++++ Source data ++++
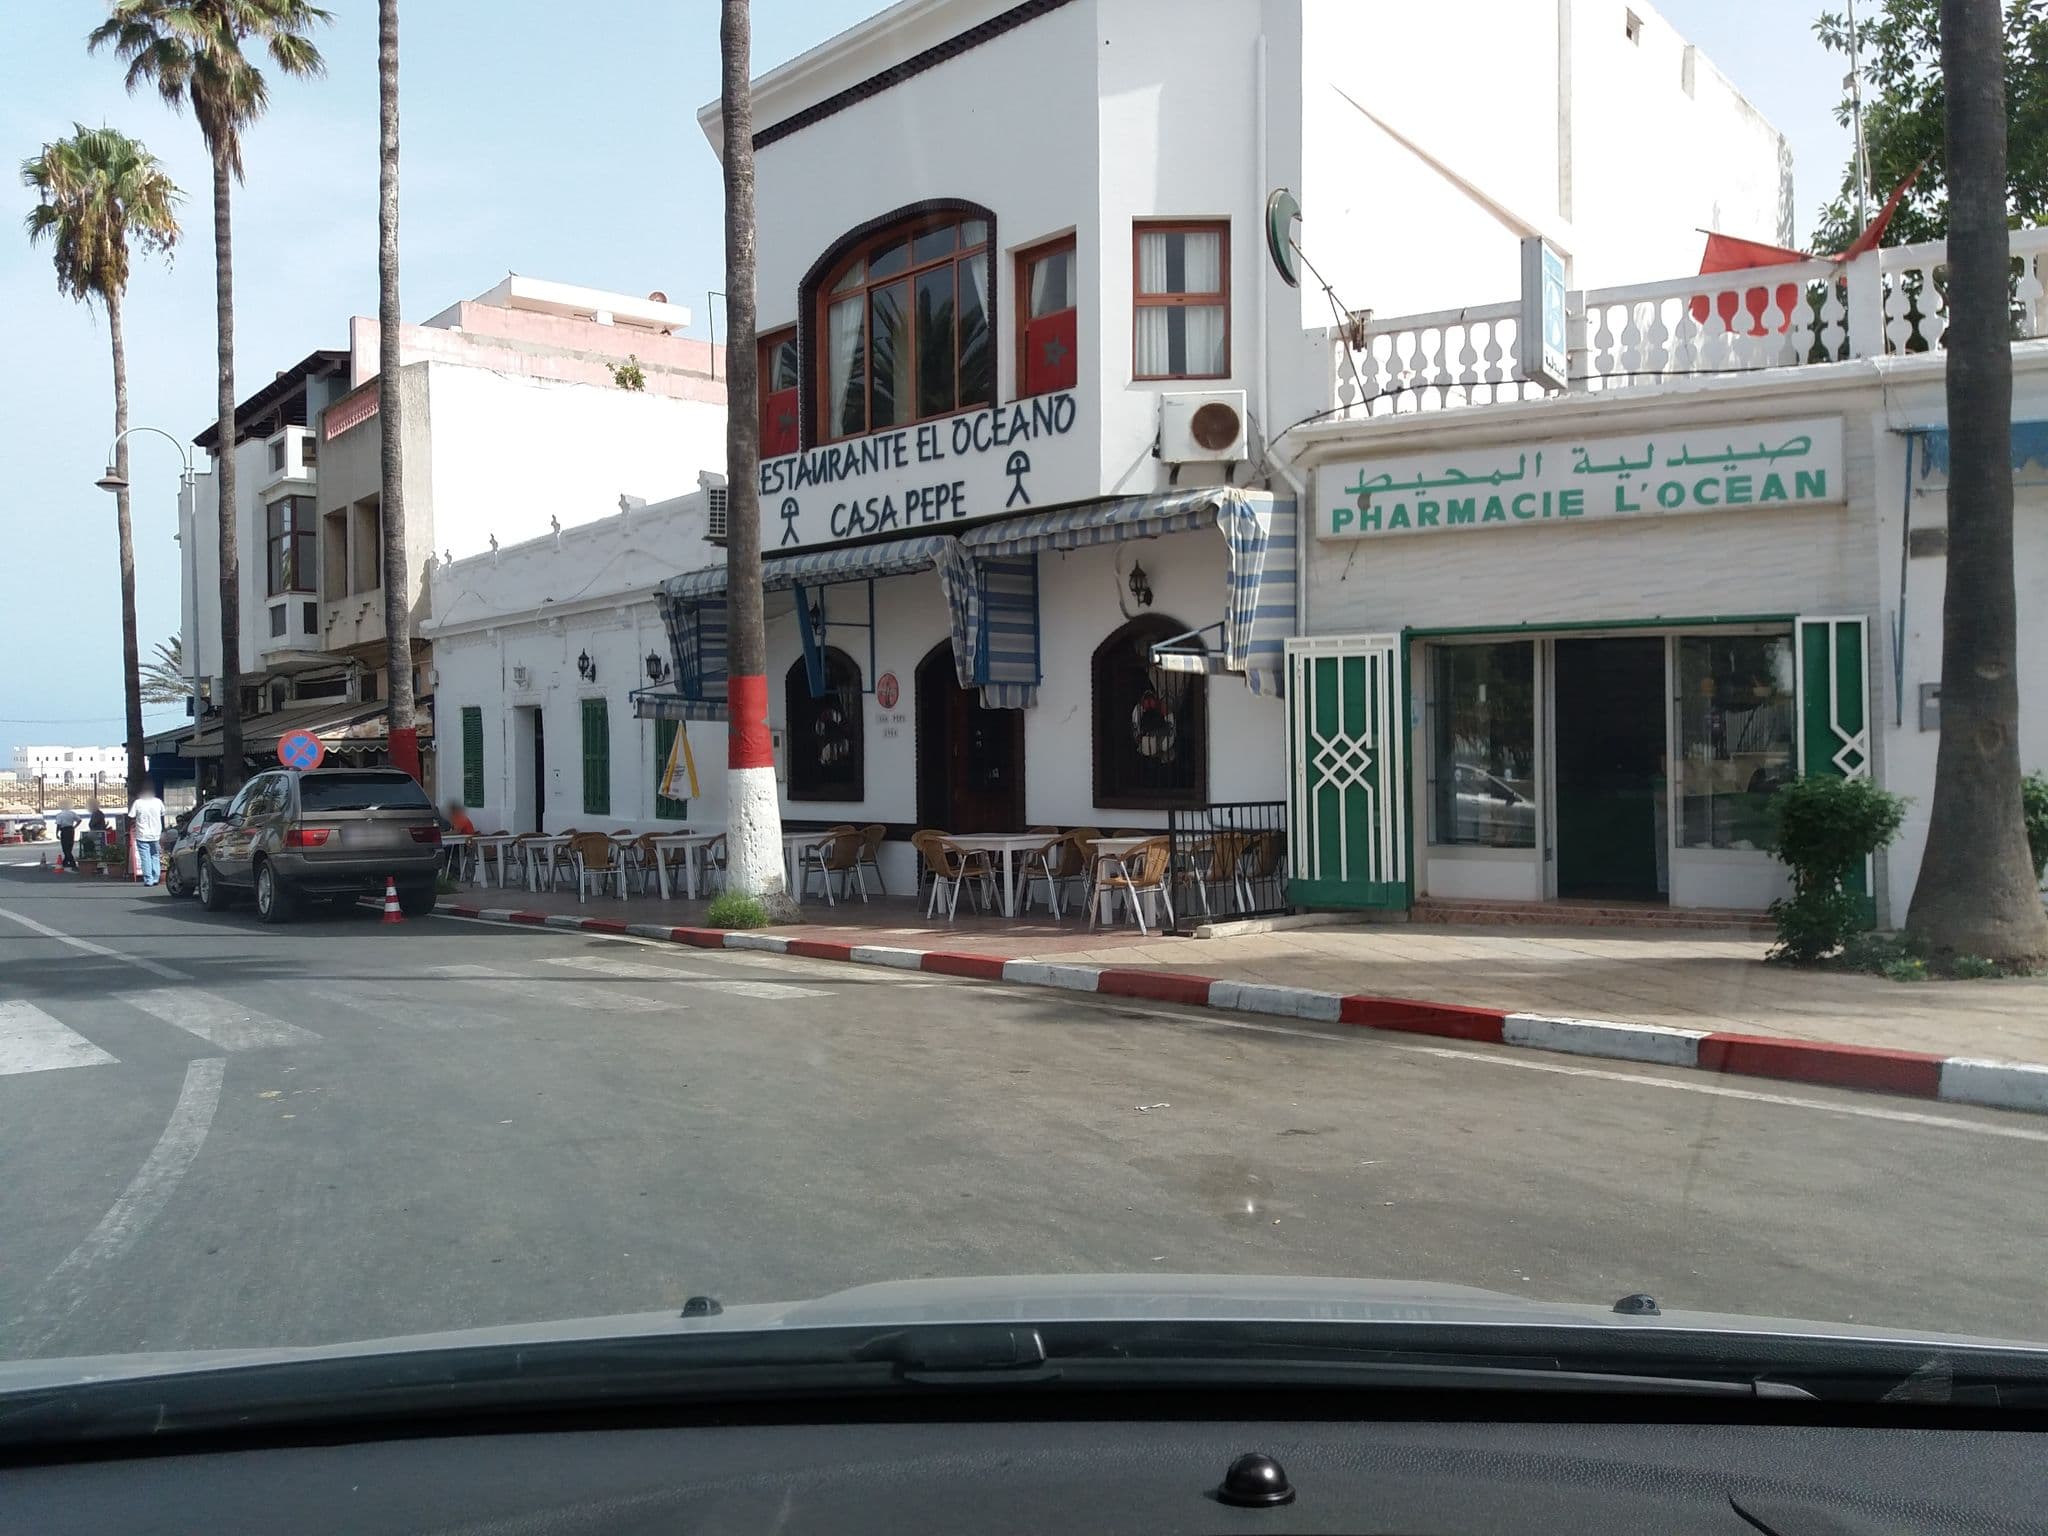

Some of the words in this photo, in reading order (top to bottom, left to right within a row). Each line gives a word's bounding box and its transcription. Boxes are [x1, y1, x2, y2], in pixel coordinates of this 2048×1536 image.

[757, 432, 909, 498] ESTAURANTE
[917, 425, 945, 462] EL
[952, 393, 1077, 456] OCEANO
[1343, 450, 1543, 498] المحيط
[1572, 434, 1813, 479] صيدلية
[830, 495, 899, 538] CASA
[905, 480, 967, 526] PEPE
[1331, 488, 1585, 533] PHARMACIE
[1614, 468, 1828, 513] L'OCEAN
++++
Your instructions: From the first record above to the last, output each one exactly and omit the pictures.

Problem solution:
Some of the words in this photo, in reading order (top to bottom, left to right within a row). Each line gives a word's bounding box and its transcription. Boxes are [x1, y1, x2, y2], in pixel coordinates of this 2048×1536 image.

[757, 432, 909, 498] ESTAURANTE
[917, 425, 945, 462] EL
[952, 393, 1077, 456] OCEANO
[1343, 450, 1543, 498] المحيط
[1572, 434, 1813, 479] صيدلية
[830, 495, 899, 538] CASA
[905, 480, 967, 526] PEPE
[1331, 488, 1585, 533] PHARMACIE
[1614, 468, 1828, 513] L'OCEAN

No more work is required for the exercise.